WORK TO BE COMPLETED: Word for word, copy out the records given below.

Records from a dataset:
☆ ☆ ☆ ☆
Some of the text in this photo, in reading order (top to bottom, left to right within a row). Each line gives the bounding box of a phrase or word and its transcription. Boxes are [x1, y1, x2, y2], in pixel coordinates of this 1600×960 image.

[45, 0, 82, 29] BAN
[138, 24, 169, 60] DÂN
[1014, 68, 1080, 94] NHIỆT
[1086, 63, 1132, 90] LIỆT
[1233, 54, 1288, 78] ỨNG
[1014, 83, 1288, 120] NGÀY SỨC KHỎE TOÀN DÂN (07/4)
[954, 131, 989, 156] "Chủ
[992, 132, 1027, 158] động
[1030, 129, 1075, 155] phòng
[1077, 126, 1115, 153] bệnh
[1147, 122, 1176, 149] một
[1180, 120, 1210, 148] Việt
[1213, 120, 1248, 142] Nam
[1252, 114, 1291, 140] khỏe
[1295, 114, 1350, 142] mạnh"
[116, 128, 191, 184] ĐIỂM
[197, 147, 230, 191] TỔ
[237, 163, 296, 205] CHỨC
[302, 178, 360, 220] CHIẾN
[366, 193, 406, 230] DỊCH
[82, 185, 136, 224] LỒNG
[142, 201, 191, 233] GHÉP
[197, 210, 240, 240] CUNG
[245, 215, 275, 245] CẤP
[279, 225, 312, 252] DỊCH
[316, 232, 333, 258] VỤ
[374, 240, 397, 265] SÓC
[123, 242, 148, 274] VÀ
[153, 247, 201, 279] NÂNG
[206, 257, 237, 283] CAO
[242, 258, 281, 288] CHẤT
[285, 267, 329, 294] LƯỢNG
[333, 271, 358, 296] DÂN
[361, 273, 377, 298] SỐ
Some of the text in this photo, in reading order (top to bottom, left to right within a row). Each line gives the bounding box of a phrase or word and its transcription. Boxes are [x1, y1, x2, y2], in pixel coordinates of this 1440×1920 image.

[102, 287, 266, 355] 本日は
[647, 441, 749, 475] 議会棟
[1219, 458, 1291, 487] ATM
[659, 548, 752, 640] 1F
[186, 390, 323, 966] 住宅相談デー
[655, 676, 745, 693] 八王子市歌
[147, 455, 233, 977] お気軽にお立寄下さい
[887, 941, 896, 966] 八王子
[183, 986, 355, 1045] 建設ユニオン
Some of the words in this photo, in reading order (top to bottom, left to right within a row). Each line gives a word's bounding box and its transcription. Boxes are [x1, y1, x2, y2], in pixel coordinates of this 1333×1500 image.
☆ ☆ ☆ ☆
RESPONSE TO THE EXERCISE:
Some of the text in this photo, in reading order (top to bottom, left to right within a row). Each line gives the bounding box of a phrase or word and its transcription. Boxes are [x1, y1, x2, y2], in pixel coordinates of this 1600×960 image.

[45, 0, 82, 29] BAN
[138, 24, 169, 60] DÂN
[1014, 68, 1080, 94] NHIỆT
[1086, 63, 1132, 90] LIỆT
[1233, 54, 1288, 78] ỨNG
[1014, 83, 1288, 120] NGÀY SỨC KHỎE TOÀN DÂN (07/4)
[954, 131, 989, 156] "Chủ
[992, 132, 1027, 158] động
[1030, 129, 1075, 155] phòng
[1077, 126, 1115, 153] bệnh
[1147, 122, 1176, 149] một
[1180, 120, 1210, 148] Việt
[1213, 120, 1248, 142] Nam
[1252, 114, 1291, 140] khỏe
[1295, 114, 1350, 142] mạnh"
[116, 128, 191, 184] ĐIỂM
[197, 147, 230, 191] TỔ
[237, 163, 296, 205] CHỨC
[302, 178, 360, 220] CHIẾN
[366, 193, 406, 230] DỊCH
[82, 185, 136, 224] LỒNG
[142, 201, 191, 233] GHÉP
[197, 210, 240, 240] CUNG
[245, 215, 275, 245] CẤP
[279, 225, 312, 252] DỊCH
[316, 232, 333, 258] VỤ
[374, 240, 397, 265] SÓC
[123, 242, 148, 274] VÀ
[153, 247, 201, 279] NÂNG
[206, 257, 237, 283] CAO
[242, 258, 281, 288] CHẤT
[285, 267, 329, 294] LƯỢNG
[333, 271, 358, 296] DÂN
[361, 273, 377, 298] SỐ
Some of the text in this photo, in reading order (top to bottom, left to right within a row). Each line gives the bounding box of a phrase or word and its transcription. Boxes are [x1, y1, x2, y2], in pixel coordinates of this 1440×1920 image.

[102, 287, 266, 355] 本日は
[647, 441, 749, 475] 議会棟
[1219, 458, 1291, 487] ATM
[659, 548, 752, 640] 1F
[186, 390, 323, 966] 住宅相談デー
[655, 676, 745, 693] 八王子市歌
[147, 455, 233, 977] お気軽にお立寄下さい
[887, 941, 896, 966] 八王子
[183, 986, 355, 1045] 建設ユニオン
Some of the words in this photo, in reading order (top to bottom, left to right within a row). Each line gives a word's bounding box and its transcription. Boxes are [x1, y1, x2, y2], in pixel coordinates of this 1333×1500 image.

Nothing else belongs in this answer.